Significance of this Case
This case was decided principally on its facts but there were nevertheless some interesting points of law:

  1. The judge followed his approach in  Vestergaard Frandsen A/S and Others v Bestnet Europe Ltd. and Others  [2009] EWHC 657 (Ch) where he had onstructed a chronological account of the facts primarily by reference to disclosed documents and secondarily by reference to unchallenged evidence in order to test disputed evidence.
  2. He reviewed the law of confidence, particularly in so far as it related to "relative confidentiality" and what constitutes a trade secret.
  3. He considered the basis of compensation for breach of confidence.
Although this is a typical Arnoldian judgment with no less than 464 paragraphs of exhaustive consideration of every detail of the case, perseverance will be rewarded by the judge's incisive insights into those questions.

Relative Confidentiality
The judge's starting point was the well known and frequently endorsed summary of the law of confidence by Mr Justice Megarry in Coco v A.N. Clark (Engineers) Ltd [1969] RPC 41 at 47:
"First, the information itself ... must 'have the necessary quality of confidence about it'. Secondly, that information must have been communicated in circumstances importing an obligation of confidence.
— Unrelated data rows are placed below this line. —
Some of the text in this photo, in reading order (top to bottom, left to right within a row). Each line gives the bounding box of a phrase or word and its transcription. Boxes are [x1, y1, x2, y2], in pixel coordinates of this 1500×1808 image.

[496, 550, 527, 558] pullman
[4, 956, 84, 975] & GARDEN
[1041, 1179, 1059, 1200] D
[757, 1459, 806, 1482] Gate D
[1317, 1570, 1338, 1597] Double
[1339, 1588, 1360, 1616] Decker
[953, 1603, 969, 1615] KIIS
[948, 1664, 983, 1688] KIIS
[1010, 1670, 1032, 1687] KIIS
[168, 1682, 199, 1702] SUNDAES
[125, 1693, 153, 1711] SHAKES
Thirdly, there must have been an unauthorised use of the information to the detriment of the party communicating it."
In considering what was meant by "quality of confidence" Mr. Justice Arnold opined that "confidentiality is a relative concept" for which proposition he cited Franchi v Franchi [1967] RPC 149 at 153, Schering Chemicals Ltd v Falkman [1982] QB 1 at 28, Stephens v Avery [1988] Ch 449 at 454, Spycatcher at 177 and Attorney-General v Greater Manchester Newspapers Ltd (The Times, 7 December 2001). The judge did not spell our exactly what he meant by that proposition but my understanding is that information that has been disclosed or acquired in confidence does not cease to be confidential merely because it can be accessed lawfully.   If a confidante saves himself time and money by using information that had been disclosed to him in confidence it is no answer to say that he could have achieved the same result by say reverse engineering.   In the words of Lord Greene Saltman Engineering Co Ltd v Campbell Engineering Co Ltd (1948) 65 RPC 203 at 215:
"What the defendants did in this case was to dispense in certain material respects with the necessity of going through the process which had been gone through in compiling these drawings, and thereby to save themselves a great deal of labour and calculation and careful draughtsmanship. No doubt, if they had taken the finished article, namely, the leather punch, which they might have bought in a shop, and given it to an expert draughtsman, that draughtsman could have produced the necessary drawings for the manufacture of machine tools required for making that particular finished article. In at any rate a very material respect they saved themselves that trouble by obtaining the necessary information either from the original drawings or from the tools made in accordance with them. That, in my opinion, was a breach of confidence."
Of course, once a secret has ceased to be a secret the obligation of confidence falls away as the House of Lords held in  O. Mustad & Son v Dosen [1964] 1 WLR 109, but there may still be aspects of a design that remain secret and thus subject to an obligation of confidence.   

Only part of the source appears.